Fig 4. Effect of pH and temperature on AtCinA activity.

A) pH profile for AtCinA. The assay conditions at 37°C were 0.5 mM NMN and 14 nM purified AtCinA. The buffers used (50 mM) were sodium phosphate (pH 6.0–7.5), Tris-HCl (pH 8.0) and glycine-NaOH (pH 9.0–10.0). Sodium acetate at pH 5.0 was used at 160 mM in order to maintain the same ionic strength. B) pH-stability. AtCinA was incubated at 37°C for different periods of time at different pHs, and the activity was measured under standard conditions. The buffers used (50 mM) were sodium phosphate pH 6.0 (■), pH 7.0 (▲), pH 7.5 (▼), Tris-HCl pH 8.0 (○), glycine pH 9.0 (∕) and pH 10.0 (△), except for sodium acetate pH 5.0 (●), which was at 160 mM as in A). C) Temperature profile for AtCinA activity. Conditions were the same as above, but at different temperatures (20–90°C) in 50 mM sodium phosphate pH 7.5. D) Thermal stability at pH 7.5. AtCinA was incubated for different periods of time at different temperatures [4°C (●), 25°C (■), 35°C (▲), 40°C (▼), 50°C (○), 60°C (∕), and 70°C (ρ)], and the activity was measured in the standard reaction conditions.

Fig 5. Thermal shift assay of AtCinA.

Melting temperature curves of purified enzyme (10 μg) were obtained in the presence of fluorescent probe SYPRO Orange in MilliQ^® water (◆), 160 mM sodium acetate pH 5.0 (●), 50 mM sodium phosphate pH 7.5 (▼), and 50 mM glycine pH 10.0 (■). Inset. Effect of different modulators on the melting temperature of AtCinA. Nucleotides were used at 1 mM (NAD⁺, FAD and NaMN), whereas hydroxy-ectoine (OH-Ect) and ammonium sulfate (AS) were used at 2 M and 1.5 M, respectively. Differences in ΔTm were calculated by subtracting the MilliQ^® water Tm value from the Tm values obtained for the enzyme in the different conditions used.

Fig 6. Effect of NMN concentration on AtCinA activity.

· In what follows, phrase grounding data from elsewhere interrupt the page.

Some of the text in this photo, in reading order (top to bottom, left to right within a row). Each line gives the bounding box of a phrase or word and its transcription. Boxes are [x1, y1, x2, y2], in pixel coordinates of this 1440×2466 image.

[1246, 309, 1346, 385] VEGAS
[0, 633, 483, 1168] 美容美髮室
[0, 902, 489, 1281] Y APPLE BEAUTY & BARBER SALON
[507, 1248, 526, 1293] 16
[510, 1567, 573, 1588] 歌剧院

The activity was measured in the standard reaction conditions in the presence of increasing concentrations of up to 1 mM NMN, except in the case of Y58F mutant, when the concentration ranged from 0 to 10 mM (upper X-scale). Enzyme concentrations were 14 nM for wild type (●), 17 nM for C32 mutant (▼), 14 nM for S48A mutant (▲), 20 nM for T105A mutant (■), and 658 nM for Y58F mutant (◆).

Fig 7. NaMN binding site.

A) AtCinA binding site. NaMN (light cyan) was placed in the AtCinA structure (2A9S) using a structural alignment with the corresponding TtPncC structure (4UOC) [22] with Chimera [32]. B) TtPncC binding site with crystalized NaMN (cyan) (4UOC) [22]. Hydrogen bonds are shown in magenta. Distances are displayed as dashed lines.